Nieznane fakty dotyczące ambasady Korei Płn.: tajemnicze wydarzenia, żłobek i spotkania podziemne
Kontrowersje wokół działalności ambasady Korei Północnej w Warszawie wciąż budzą emocje w polskich mediach. Od lat pojawiają się doniesienia o nietypowym wykorzystywaniu pomieszczeń placówki dyplomatycznej w celach komercyjnych, co wzbudza zaniepokojenie władz polskich. Choć wiele lat temu mówiono otwarcie o wynajmowaniu pomieszczeń, obecnie przedstawiciele ambasady zaprzeczają, że prowadzą działalność związaną z nieruchomościami. Według nich, lokale w jednym z budynków są jedynie użyczane innym podmiotom w zamian za utrzymanie i konserwację.
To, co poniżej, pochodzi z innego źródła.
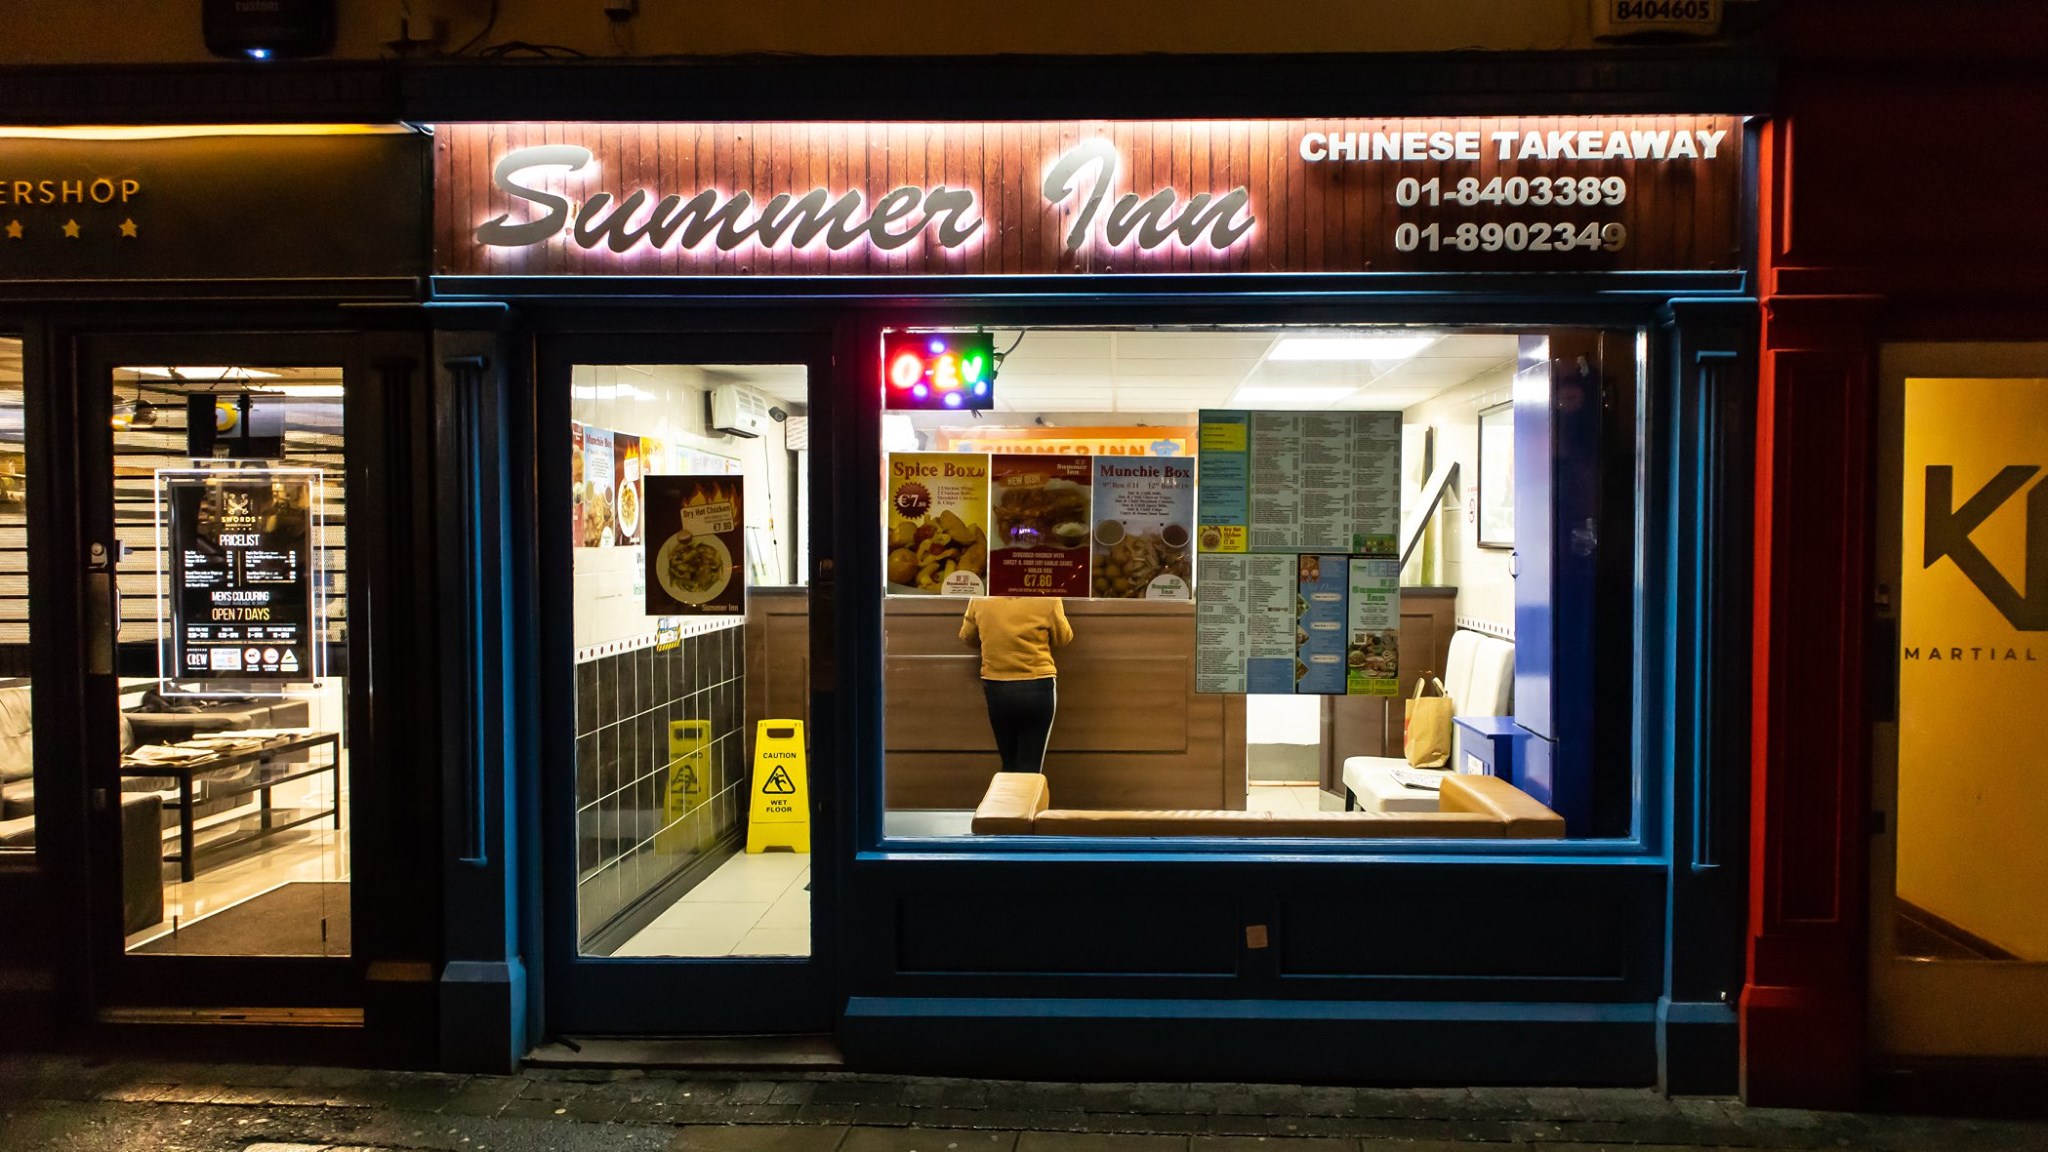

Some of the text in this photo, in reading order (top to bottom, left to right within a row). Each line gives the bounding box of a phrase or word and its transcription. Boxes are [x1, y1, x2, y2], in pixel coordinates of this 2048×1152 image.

[1617, 1, 1710, 20] 8404605
[1299, 130, 1727, 161] CHINESE TAKEAWAY
[476, 138, 1257, 252] Summer Inn
[1396, 176, 1627, 207] 01-8403389
[1395, 222, 1627, 252] 01-8902349
[894, 461, 938, 480] Spice
[1100, 464, 1190, 478] Munchie Box
[682, 510, 694, 519] Dry
[695, 508, 706, 516] Hot
[706, 505, 731, 514] Chicken
[219, 534, 260, 546] PRICELIST
[212, 607, 270, 621] OPEN 7 DAYS
[702, 603, 739, 612] Summer Inn
[187, 653, 208, 666] CREW
[1904, 647, 2037, 661] MARTIAL
Historia nielegalnego podnajmowania pomieszczeń sięga już 2006 roku, a od tego czasu niewiele się zmieniło. Przy ulicy Bobrowieckiej 1A w Warszawie, gdzie znajduje się siedziba ambasady, prowadzono różne biznesy, począwszy od siedziby stacji telewizyjnej, a skończywszy na żłobku. Nawet Ryszard Petru miał tam adres swojej firmy. Poseł Polski 2050 tłumaczył, że nie wiedział, kto zarządza budynkiem, i gdy się dowiedział, zmienił siedzibę.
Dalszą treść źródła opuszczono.